Referring expression grounding data:
- - - - -

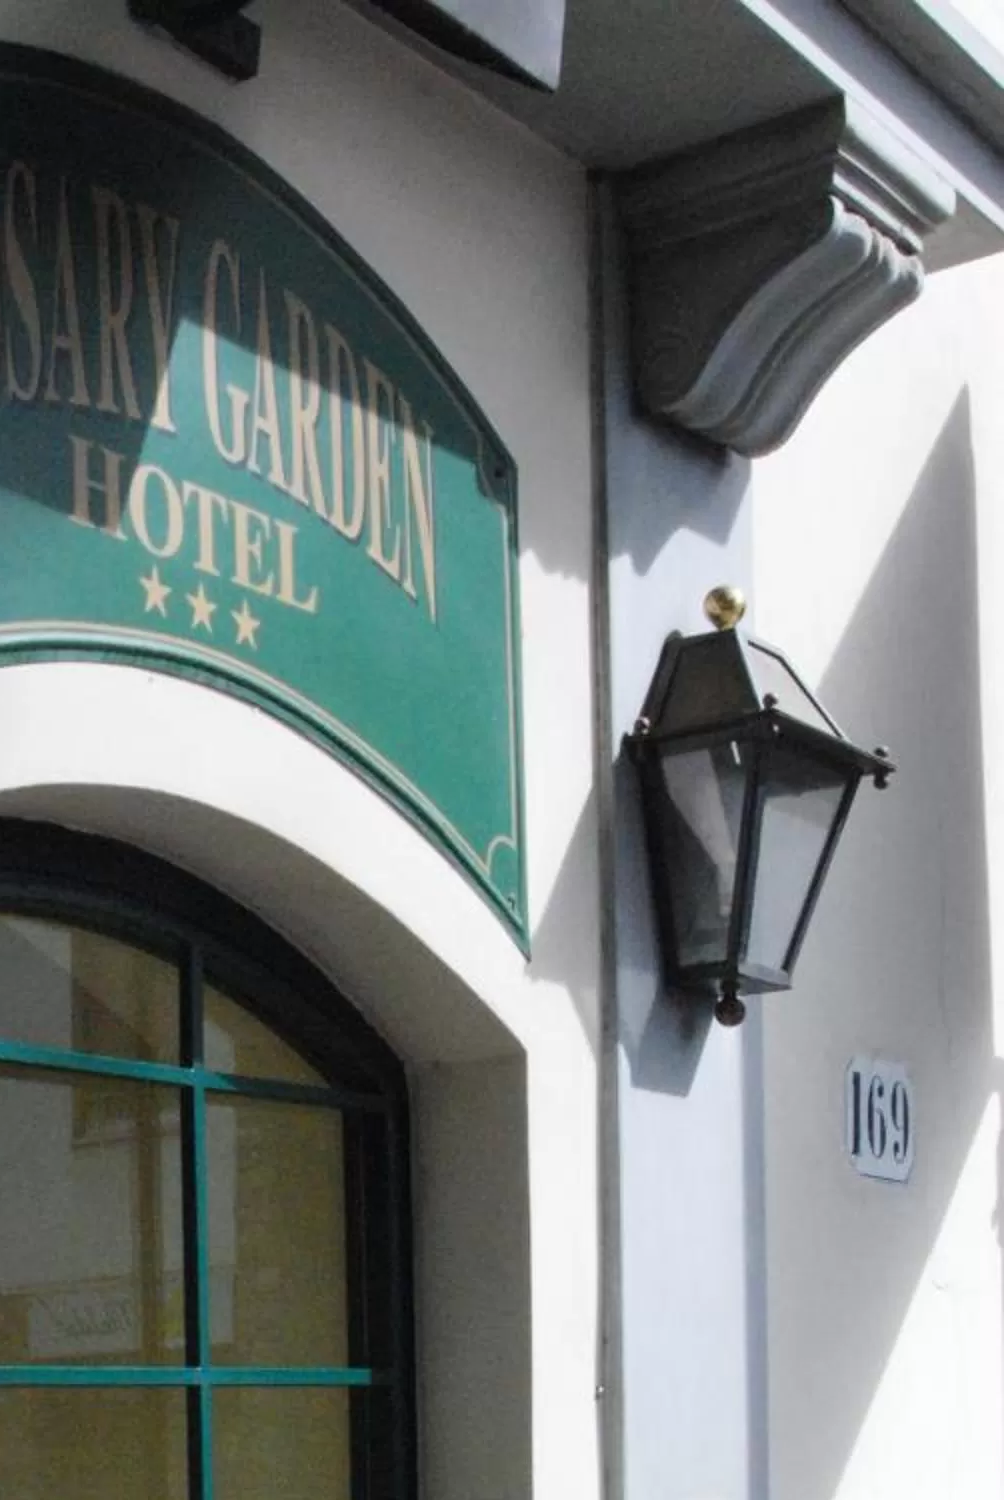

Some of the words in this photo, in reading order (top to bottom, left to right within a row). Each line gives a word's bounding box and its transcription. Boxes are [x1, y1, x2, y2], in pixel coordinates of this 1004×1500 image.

[202, 238, 438, 627] GARDEN
[68, 434, 318, 614] HOTEL
[851, 1071, 909, 1164] 169
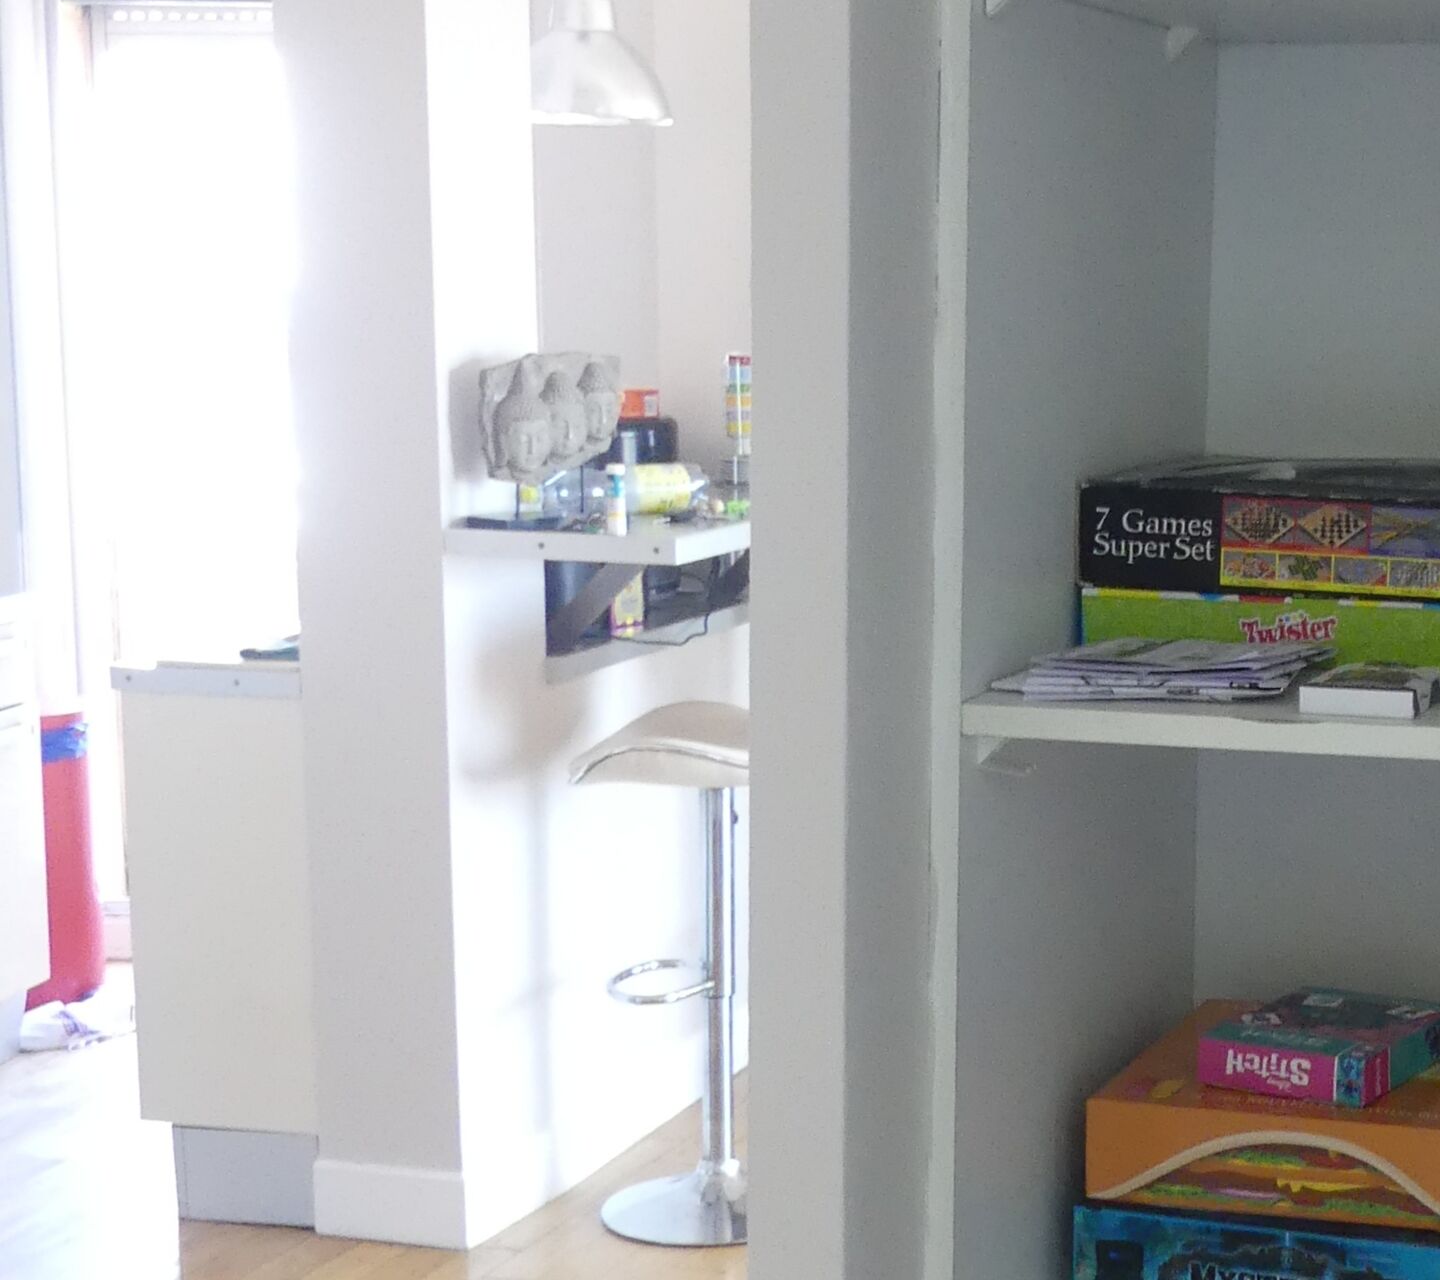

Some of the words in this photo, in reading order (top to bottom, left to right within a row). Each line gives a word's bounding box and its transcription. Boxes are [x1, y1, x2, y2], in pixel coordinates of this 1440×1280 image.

[1096, 507, 1110, 530] 7
[1122, 509, 1213, 537] Games
[1093, 533, 1170, 565] Super
[1173, 536, 1216, 562] Set
[1240, 617, 1338, 644] Twister
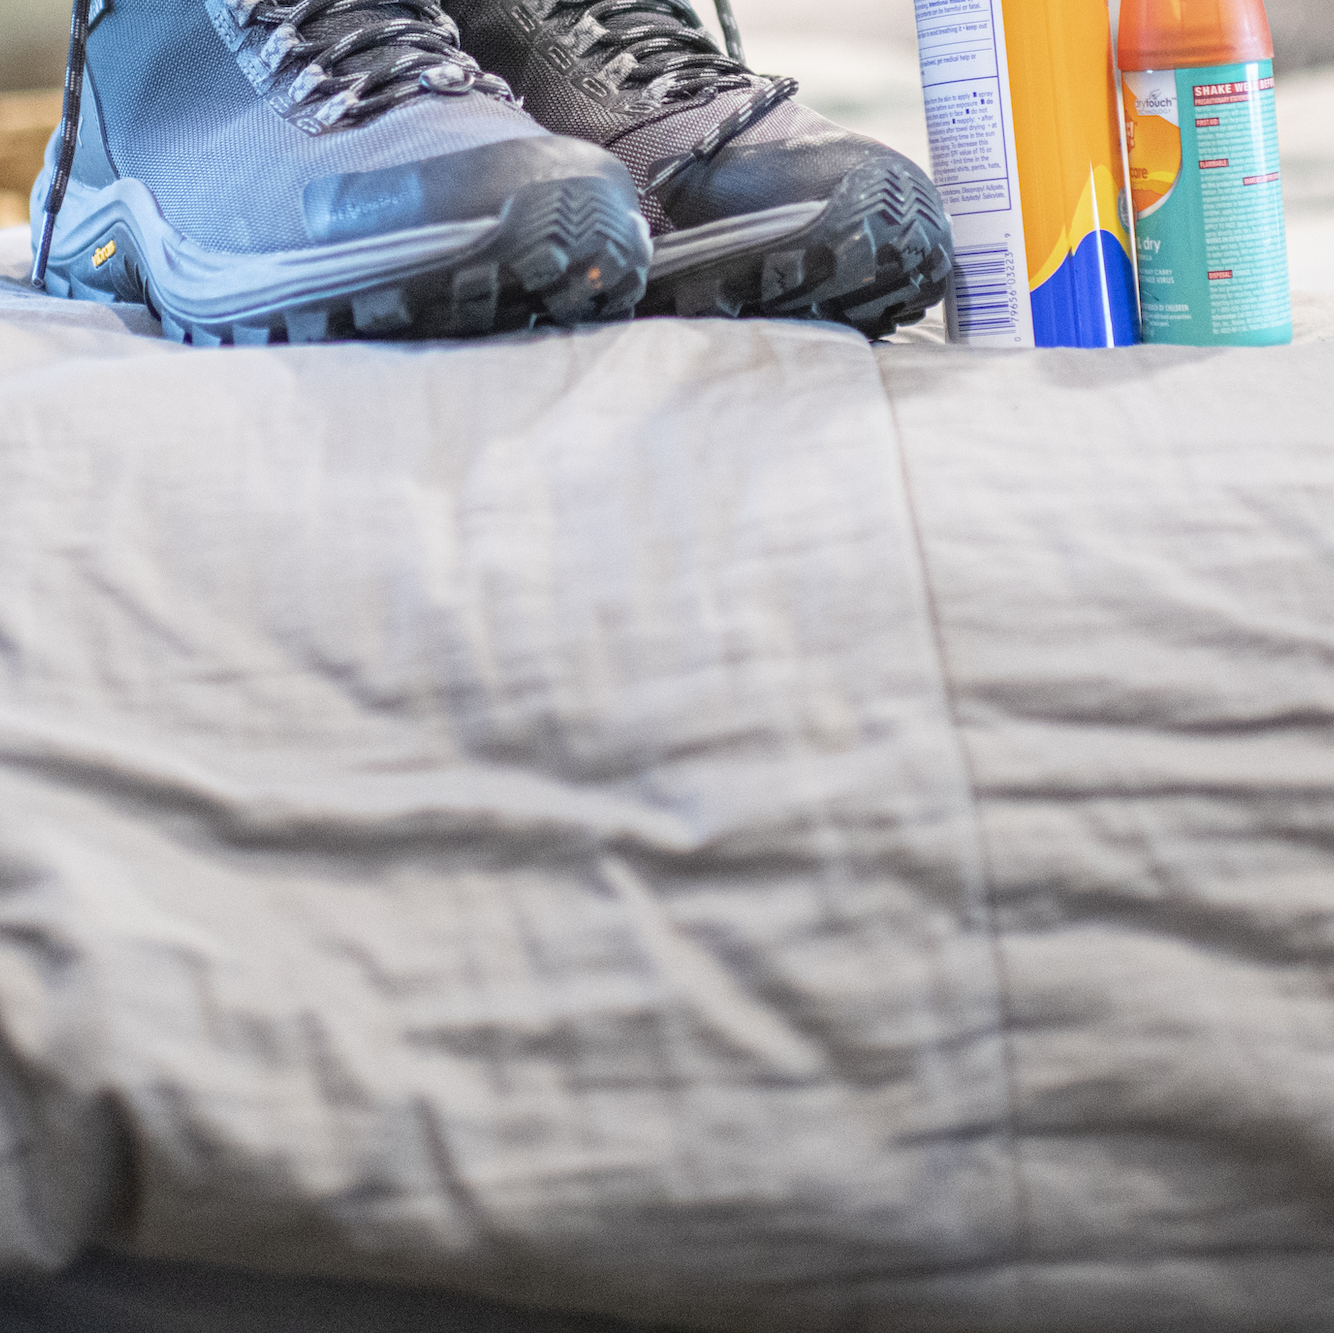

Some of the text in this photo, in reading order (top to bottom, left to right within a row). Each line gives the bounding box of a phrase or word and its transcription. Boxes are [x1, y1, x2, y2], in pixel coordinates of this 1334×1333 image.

[944, 55, 959, 63] medical
[960, 54, 970, 62] help
[1195, 84, 1232, 96] SHAKE
[1234, 81, 1258, 93] WE
[958, 93, 970, 101] apply
[956, 101, 978, 109] exposure
[969, 123, 985, 131] drying
[979, 138, 988, 146] this
[1143, 237, 1161, 254] dry
[1157, 276, 1174, 284] VIRUS
[1165, 304, 1189, 312] CHILDREN
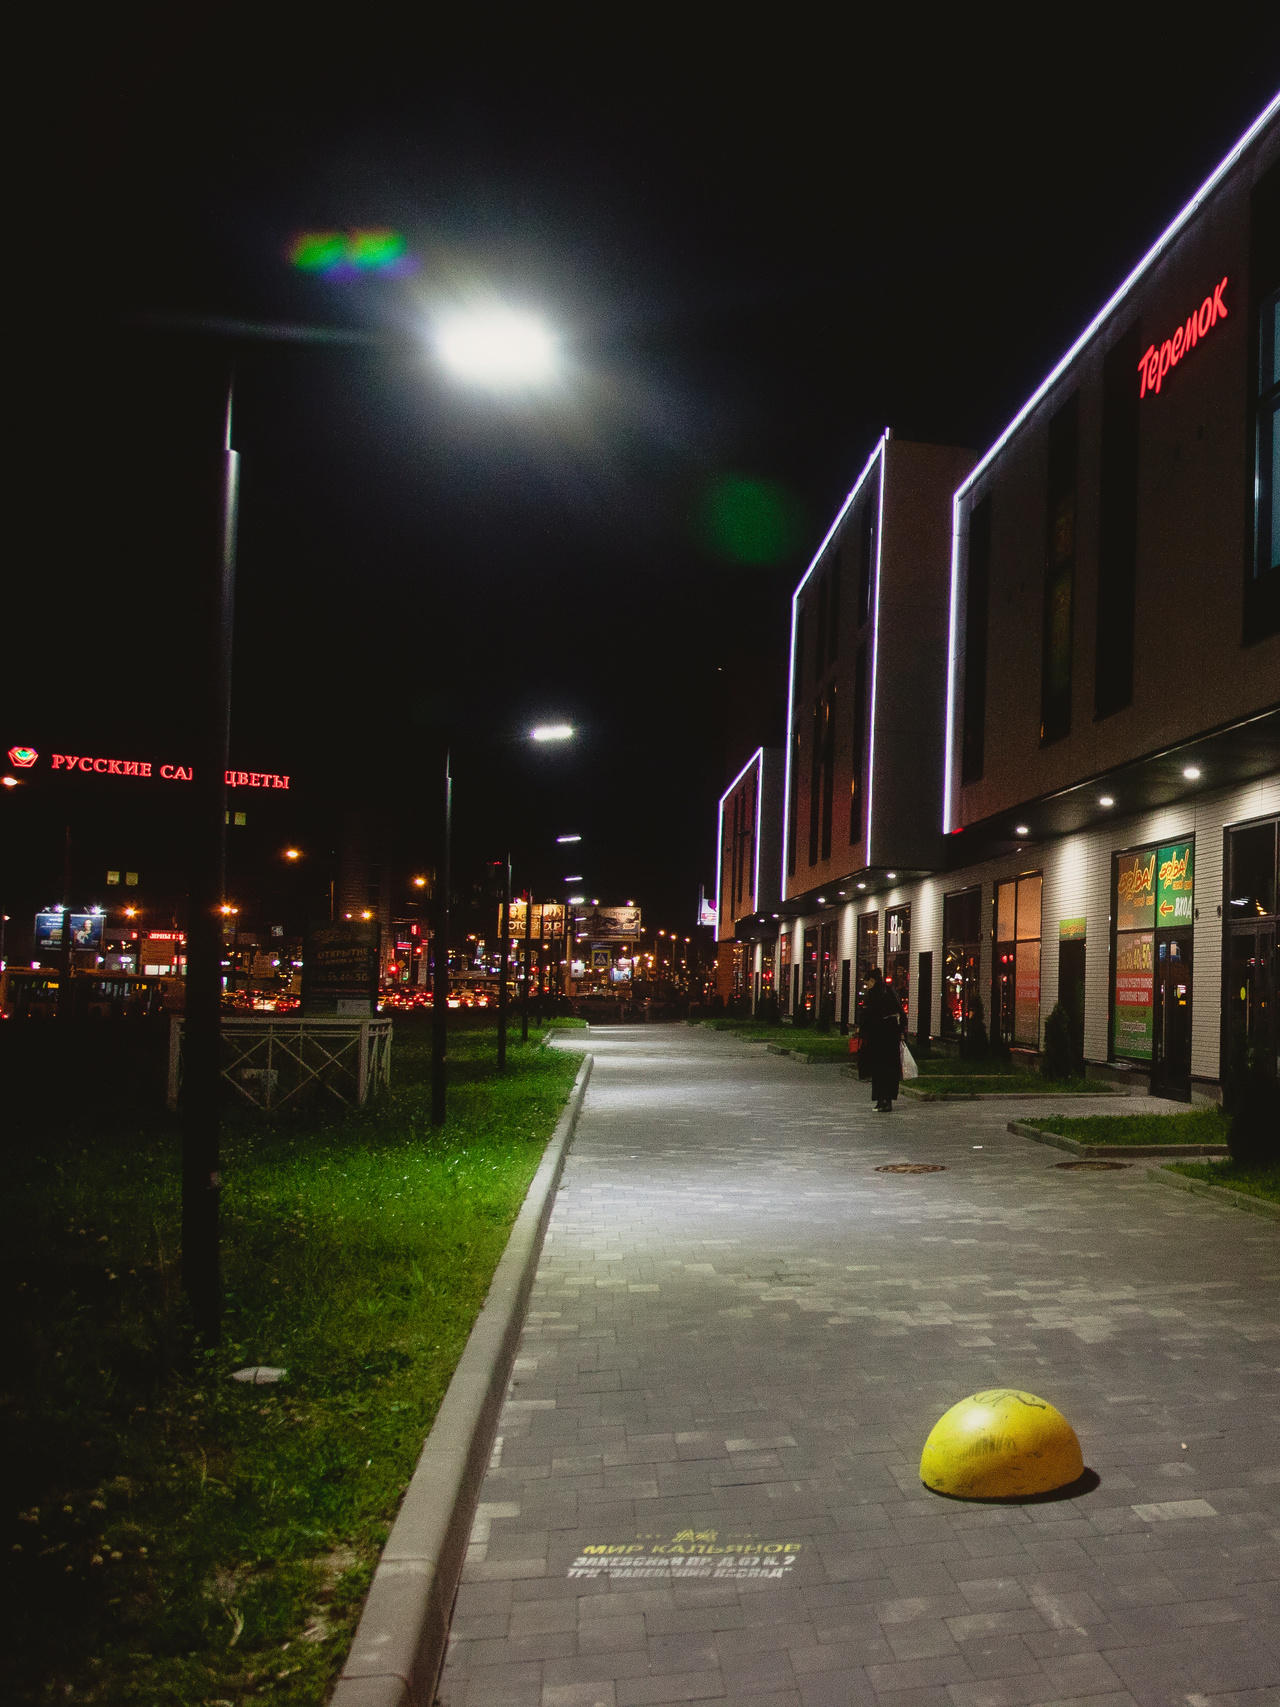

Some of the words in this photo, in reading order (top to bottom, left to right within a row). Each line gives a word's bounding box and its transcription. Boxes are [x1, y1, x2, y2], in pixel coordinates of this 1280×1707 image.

[1138, 276, 1228, 399] Теремок
[51, 754, 152, 777] РУССКИЕ
[159, 764, 290, 790] САЦВЕТЫ
[583, 1545, 644, 1555] МИР
[651, 1543, 802, 1555] КАЛЬЯНОВ

- - - - -

What to work on:
If a record holds a picture, drop the picture and return the rest of it exactly.

Answer box:
Some of the words in this photo, in reading order (top to bottom, left to right within a row). Each line gives a word's bounding box and its transcription. Boxes are [x1, y1, x2, y2], in pixel coordinates of this 1004×1500 image.

[202, 238, 438, 627] GARDEN
[68, 434, 318, 614] HOTEL
[851, 1071, 909, 1164] 169

Some of the words in this photo, in reading order (top to bottom, left to right within a row). Each line gives a word's bounding box and its transcription. Boxes are [x1, y1, x2, y2], in pixel coordinates of this 1440×1280 image.

[1096, 507, 1110, 530] 7
[1122, 509, 1213, 537] Games
[1093, 533, 1170, 565] Super
[1173, 536, 1216, 562] Set
[1240, 617, 1338, 644] Twister

Some of the text in this photo, in reading order (top to bottom, left to right within a row). Each line gives the bounding box of a phrase or word and its transcription. Boxes are [x1, y1, x2, y2], in pixel coordinates of this 1334×1333 image.

[944, 55, 959, 63] medical
[960, 54, 970, 62] help
[1195, 84, 1232, 96] SHAKE
[1234, 81, 1258, 93] WE
[958, 93, 970, 101] apply
[956, 101, 978, 109] exposure
[969, 123, 985, 131] drying
[979, 138, 988, 146] this
[1143, 237, 1161, 254] dry
[1157, 276, 1174, 284] VIRUS
[1165, 304, 1189, 312] CHILDREN

Some of the words in this photo, in reading order (top to bottom, left to right within a row). Each line gives a word's bounding box and its transcription. Boxes are [x1, y1, x2, y2], in pixel coordinates of this 1280×1707 image.

[1138, 276, 1228, 399] Теремок
[51, 754, 152, 777] РУССКИЕ
[159, 764, 290, 790] САЦВЕТЫ
[583, 1545, 644, 1555] МИР
[651, 1543, 802, 1555] КАЛЬЯНОВ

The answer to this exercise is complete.